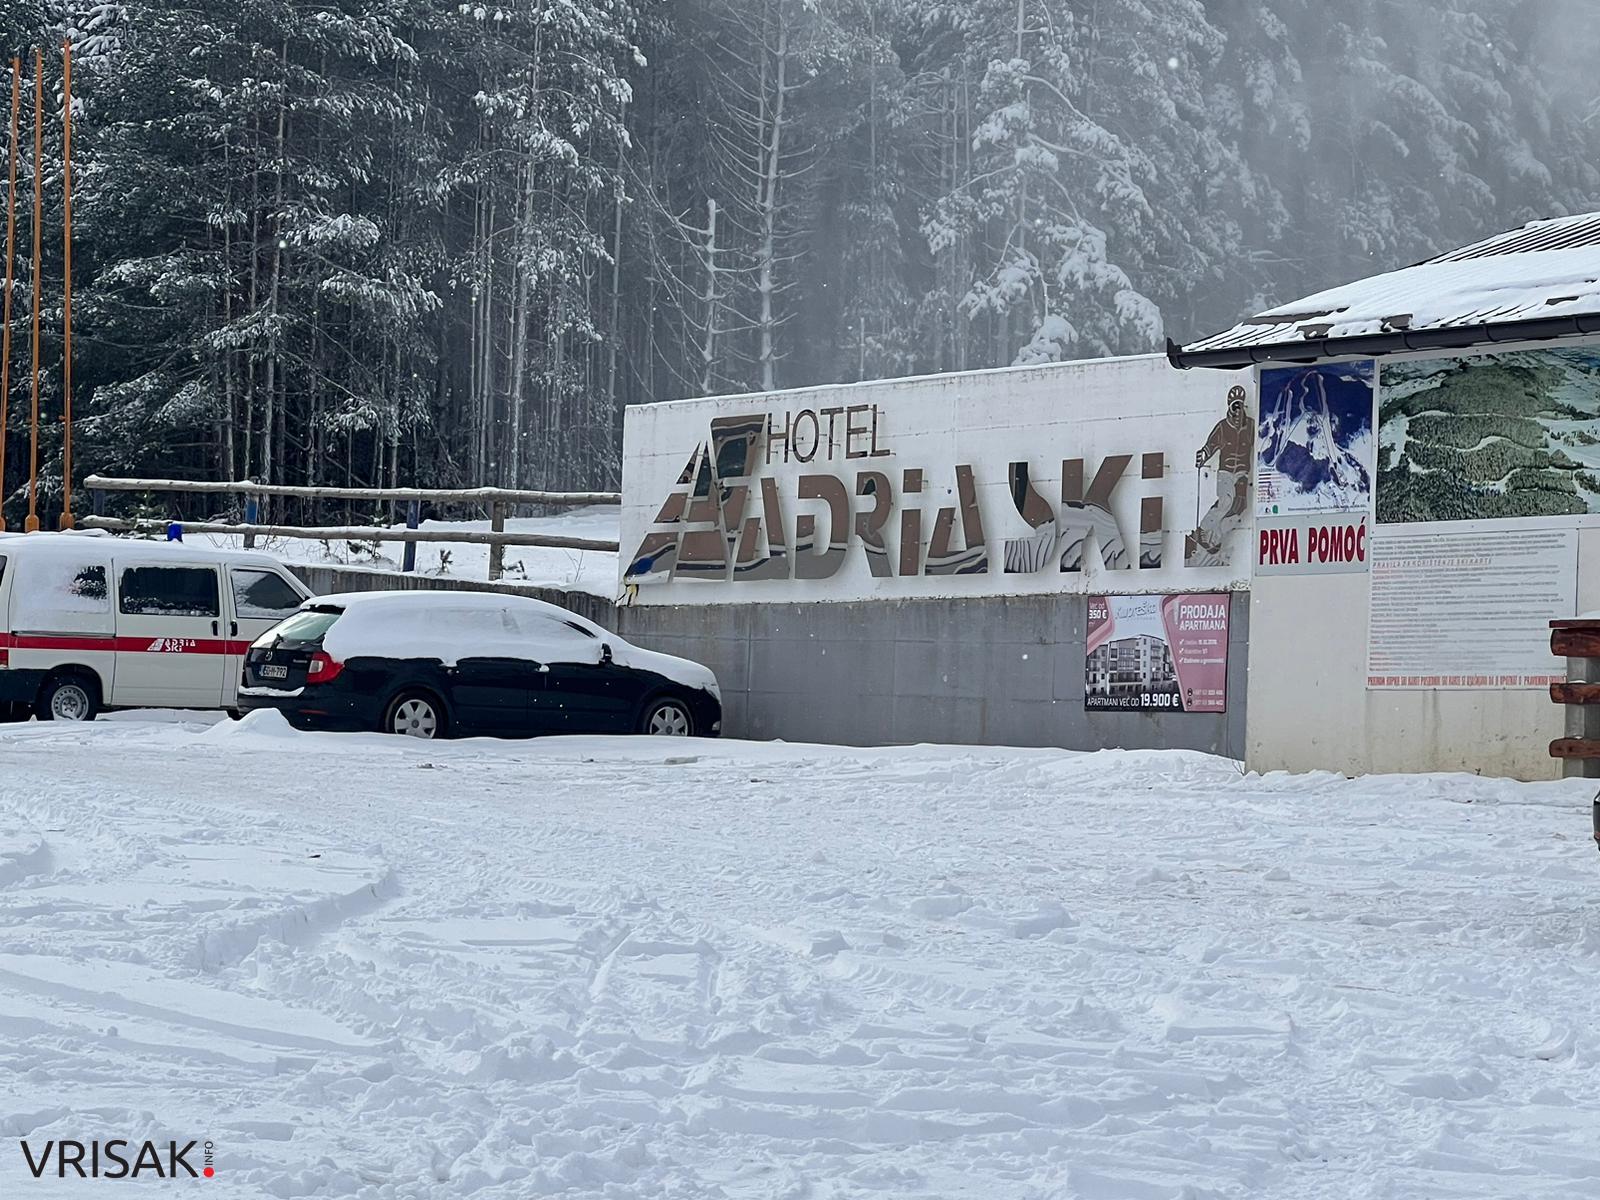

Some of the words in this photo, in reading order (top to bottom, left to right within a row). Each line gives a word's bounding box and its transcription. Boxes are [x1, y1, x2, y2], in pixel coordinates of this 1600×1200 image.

[766, 404, 891, 464] HOTEL
[1259, 528, 1299, 565] PRVA
[1307, 516, 1366, 563] POMOĆ
[1088, 609, 1101, 619] 350
[1102, 609, 1107, 619] €
[1180, 605, 1226, 619] PRODAJA
[1179, 620, 1226, 631] APARTMANA
[1086, 697, 1118, 706] APARTMANI
[1131, 697, 1140, 706] OD
[1140, 693, 1171, 707] 19.900
[1172, 693, 1179, 706] €
____________________
ASSIGNED TASK: Keep the pictures out and write out the records exactly.

OUTPUT FOR THIS TASK:
Some of the words in this photo, in reading order (top to bottom, left to right within a row). Each line gives a word's bounding box and its transcription. Boxes are [x1, y1, x2, y2], in pixel coordinates of this 1600×1200 image.

[766, 404, 891, 464] HOTEL
[1259, 528, 1299, 565] PRVA
[1307, 516, 1366, 563] POMOĆ
[1088, 609, 1101, 619] 350
[1102, 609, 1107, 619] €
[1180, 605, 1226, 619] PRODAJA
[1179, 620, 1226, 631] APARTMANA
[1086, 697, 1118, 706] APARTMANI
[1131, 697, 1140, 706] OD
[1140, 693, 1171, 707] 19.900
[1172, 693, 1179, 706] €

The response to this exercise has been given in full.